Neuroscientist Lisa Genova's first novel, Still Alice, has been endorsed
by the National Alzheimer's Association with good reason: It's one of the few
books that addresses what it's like to live with the disease from the patient's
point of view.
Genova's work with Alzheimer's patients has given her a deep understanding of the disorder and its impact not only on the afflicted, but on their friends and family as well. She does a remarkable job of sharing that perspective with her readers. Most of us have a sketchy familiarity with Alzheimer's and its primary symptom: a gradual loss of memory. Genova moves her readers beyond their superficial knowledge to a more profound grasp of the illness, illuminating consequences of it that most haven't considered (for example, the eventual loss of the ability to read a novel, as Alzheimer's patients lose the capacity to keep track of a plot line).
The novel follows Alice Howland's life from her first suspicions of the illness through its conclusive diagnoses to how Alice and her family learn to cope as her condition worsens. Although the story's progression is somewhat predictable, the scenes Genova relates are generally unexpected. Like Alice, the reader never knows when the disease will impact a situation or simply lie dormant in the background. When Alice does exhibit symptoms, they seem to come when she, and the reader, least expect them.

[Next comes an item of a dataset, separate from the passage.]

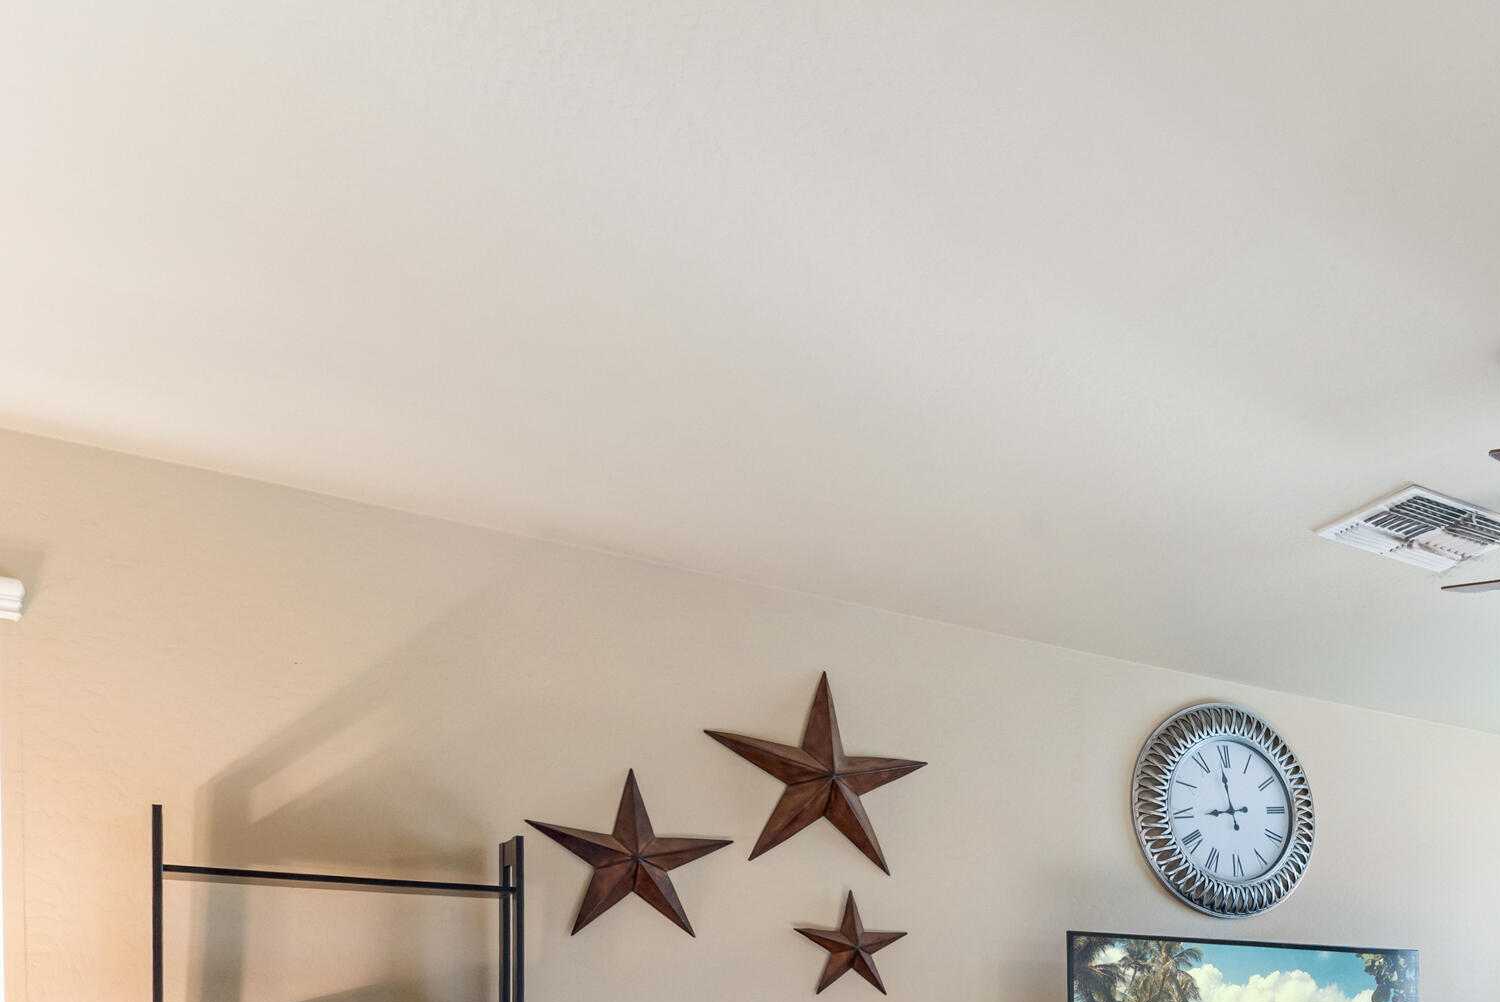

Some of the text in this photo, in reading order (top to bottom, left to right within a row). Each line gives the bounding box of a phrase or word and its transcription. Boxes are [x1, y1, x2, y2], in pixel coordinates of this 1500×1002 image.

[1243, 754, 1252, 774] I
[1257, 776, 1275, 791] II
[1265, 806, 1285, 815] III

Genova also explores the difficult decisions faced by Alzheimer's patients and their families. She delves into such subjects as treatment options, care facilities, coping mechanisms, genetic implications, and even suicide. The text occasionally gets a bit wordy and artificial during some of these discussions, but for the most part they add to the sense of realism the novel projects.
The book does lack a certain emotional depth. The narrator reports Alice's actions, but doesn't explore her feelings to any great extent; it's a bit clinical. This distance does, however, allow readers to develop a greater understanding of Alzheimer's while at the same time keeping them from becoming mired in the tragedy of the situation. There are two or three touching scenes between Alice and her daughters, but the author largely avoids melodrama. Readers will leave the book in a contemplative state of mind, eager to tell others what they've learned, as opposed to feeling they've been witnesses to a poignant family drama; we never really learn enough about Alice to mourn her ultimate fate.
Still Alice seems designed specifically with book clubs in mind. Not only does the subject matter lend itself to in-depth discussion, but the novel features both a reader's guide and an extensive author Q&A. Beyond the book club circuit, those curious about this insidious disease will find this an enlightening and enjoyable read.
About the Author
Lisa Genova, a first-time novelist, holds a Ph.D. in neuroscience from Harvard University and is an online columnist for the National Alzheimer's Association. She lives with her family in Massachusetts.